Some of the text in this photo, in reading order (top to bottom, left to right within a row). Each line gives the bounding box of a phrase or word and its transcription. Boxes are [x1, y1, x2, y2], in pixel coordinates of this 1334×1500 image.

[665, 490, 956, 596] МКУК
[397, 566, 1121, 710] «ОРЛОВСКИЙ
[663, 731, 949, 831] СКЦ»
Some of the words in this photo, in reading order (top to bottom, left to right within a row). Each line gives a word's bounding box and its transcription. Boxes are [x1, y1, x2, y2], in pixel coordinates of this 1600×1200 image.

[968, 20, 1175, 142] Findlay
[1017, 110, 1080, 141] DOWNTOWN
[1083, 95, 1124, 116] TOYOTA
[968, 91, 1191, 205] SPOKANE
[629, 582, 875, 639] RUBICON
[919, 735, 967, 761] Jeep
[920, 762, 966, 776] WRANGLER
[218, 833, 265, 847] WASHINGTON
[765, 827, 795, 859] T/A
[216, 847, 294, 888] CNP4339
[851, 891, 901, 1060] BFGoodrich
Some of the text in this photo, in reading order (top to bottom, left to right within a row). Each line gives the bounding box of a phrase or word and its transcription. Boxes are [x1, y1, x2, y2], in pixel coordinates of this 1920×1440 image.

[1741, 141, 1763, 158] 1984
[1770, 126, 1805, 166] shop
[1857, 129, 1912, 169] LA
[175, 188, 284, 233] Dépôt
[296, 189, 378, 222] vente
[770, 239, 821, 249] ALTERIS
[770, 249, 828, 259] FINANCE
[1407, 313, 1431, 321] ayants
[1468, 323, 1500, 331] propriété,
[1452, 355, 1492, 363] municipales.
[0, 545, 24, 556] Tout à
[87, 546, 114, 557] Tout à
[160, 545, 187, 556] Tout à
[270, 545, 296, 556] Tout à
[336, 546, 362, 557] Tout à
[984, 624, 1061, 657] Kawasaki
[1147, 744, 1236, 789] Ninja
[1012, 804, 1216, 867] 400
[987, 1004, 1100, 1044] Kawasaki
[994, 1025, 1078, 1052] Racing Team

→ **TASK INSTRUCTIONS**:
Your job is to give the data above again exactly, in full.

→ **PROBLEM SOLUTION**:
Some of the text in this photo, in reading order (top to bottom, left to right within a row). Each line gives the bounding box of a phrase or word and its transcription. Boxes are [x1, y1, x2, y2], in pixel coordinates of this 1334×1500 image.

[665, 490, 956, 596] МКУК
[397, 566, 1121, 710] «ОРЛОВСКИЙ
[663, 731, 949, 831] СКЦ»
Some of the words in this photo, in reading order (top to bottom, left to right within a row). Each line gives a word's bounding box and its transcription. Boxes are [x1, y1, x2, y2], in pixel coordinates of this 1600×1200 image.

[968, 20, 1175, 142] Findlay
[1017, 110, 1080, 141] DOWNTOWN
[1083, 95, 1124, 116] TOYOTA
[968, 91, 1191, 205] SPOKANE
[629, 582, 875, 639] RUBICON
[919, 735, 967, 761] Jeep
[920, 762, 966, 776] WRANGLER
[218, 833, 265, 847] WASHINGTON
[765, 827, 795, 859] T/A
[216, 847, 294, 888] CNP4339
[851, 891, 901, 1060] BFGoodrich
Some of the text in this photo, in reading order (top to bottom, left to right within a row). Each line gives the bounding box of a phrase or word and its transcription. Boxes are [x1, y1, x2, y2], in pixel coordinates of this 1920×1440 image.

[1741, 141, 1763, 158] 1984
[1770, 126, 1805, 166] shop
[1857, 129, 1912, 169] LA
[175, 188, 284, 233] Dépôt
[296, 189, 378, 222] vente
[770, 239, 821, 249] ALTERIS
[770, 249, 828, 259] FINANCE
[1407, 313, 1431, 321] ayants
[1468, 323, 1500, 331] propriété,
[1452, 355, 1492, 363] municipales.
[0, 545, 24, 556] Tout à
[87, 546, 114, 557] Tout à
[160, 545, 187, 556] Tout à
[270, 545, 296, 556] Tout à
[336, 546, 362, 557] Tout à
[984, 624, 1061, 657] Kawasaki
[1147, 744, 1236, 789] Ninja
[1012, 804, 1216, 867] 400
[987, 1004, 1100, 1044] Kawasaki
[994, 1025, 1078, 1052] Racing Team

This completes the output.